▶ _What you are asked to do_:
Without including any picture, copy the entries that follow word for word.

▶ _Data records_:
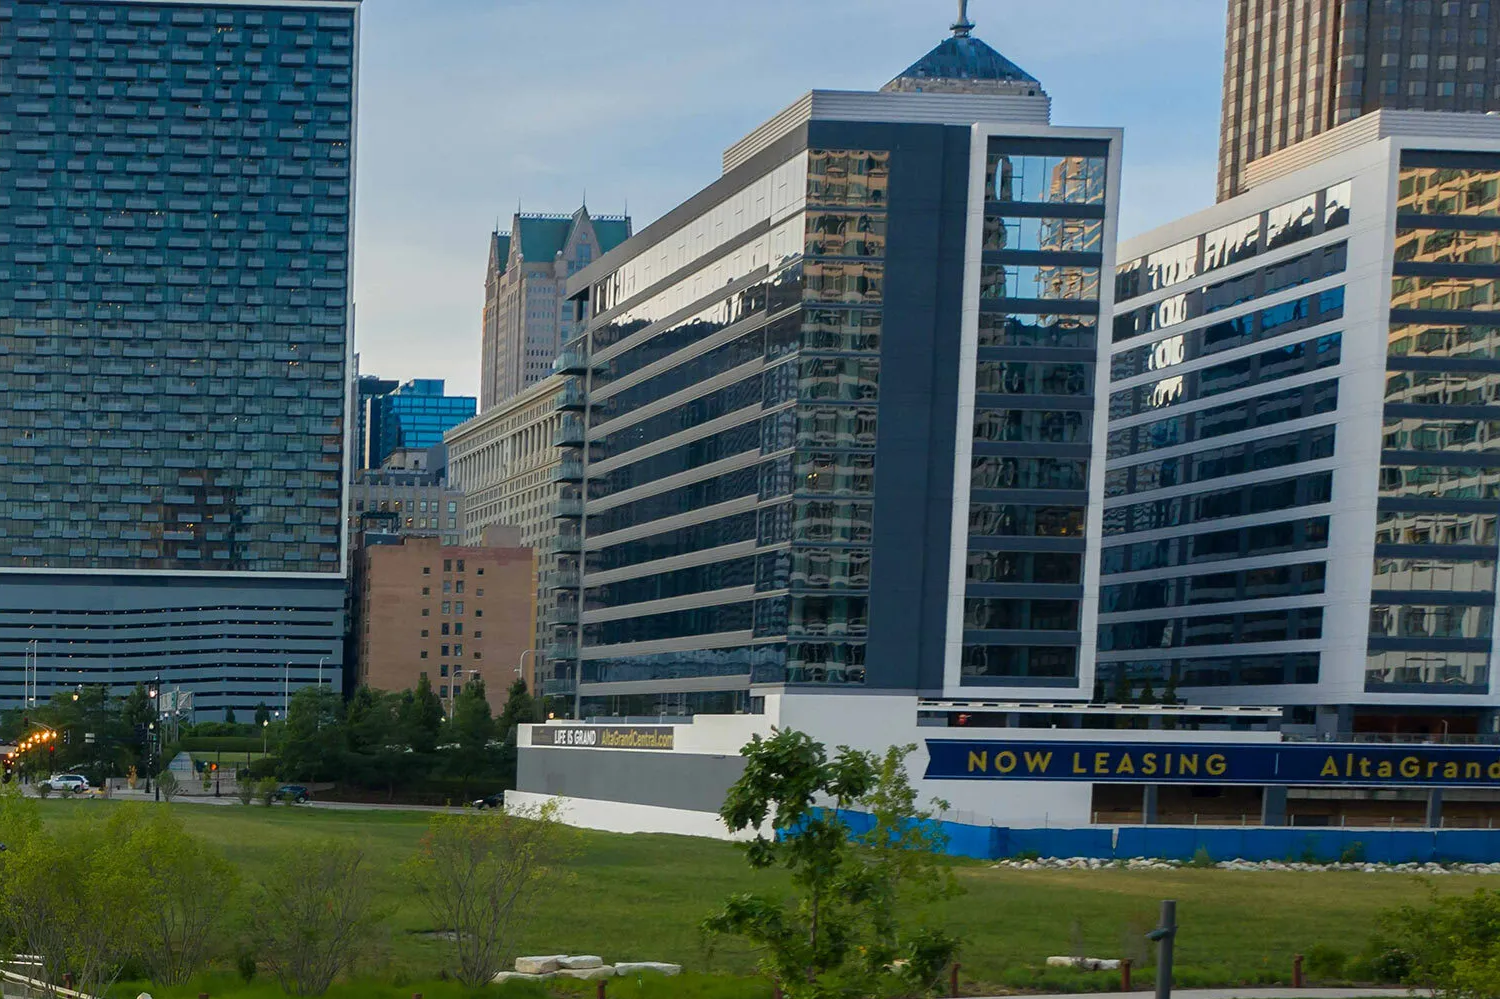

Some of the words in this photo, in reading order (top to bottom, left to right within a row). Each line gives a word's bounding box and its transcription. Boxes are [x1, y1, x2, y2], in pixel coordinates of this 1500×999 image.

[554, 729, 566, 744] LIFE
[567, 729, 574, 744] IS
[574, 729, 597, 745] GRAND
[601, 728, 674, 747] AltaGrandCentral.com
[967, 750, 1053, 773] NOW
[1072, 752, 1228, 775] LEASING

▶ _Solution_:
Some of the words in this photo, in reading order (top to bottom, left to right within a row). Each line gives a word's bounding box and its transcription. Boxes are [x1, y1, x2, y2], in pixel coordinates of this 1500×999 image.

[554, 729, 566, 744] LIFE
[567, 729, 574, 744] IS
[574, 729, 597, 745] GRAND
[601, 728, 674, 747] AltaGrandCentral.com
[967, 750, 1053, 773] NOW
[1072, 752, 1228, 775] LEASING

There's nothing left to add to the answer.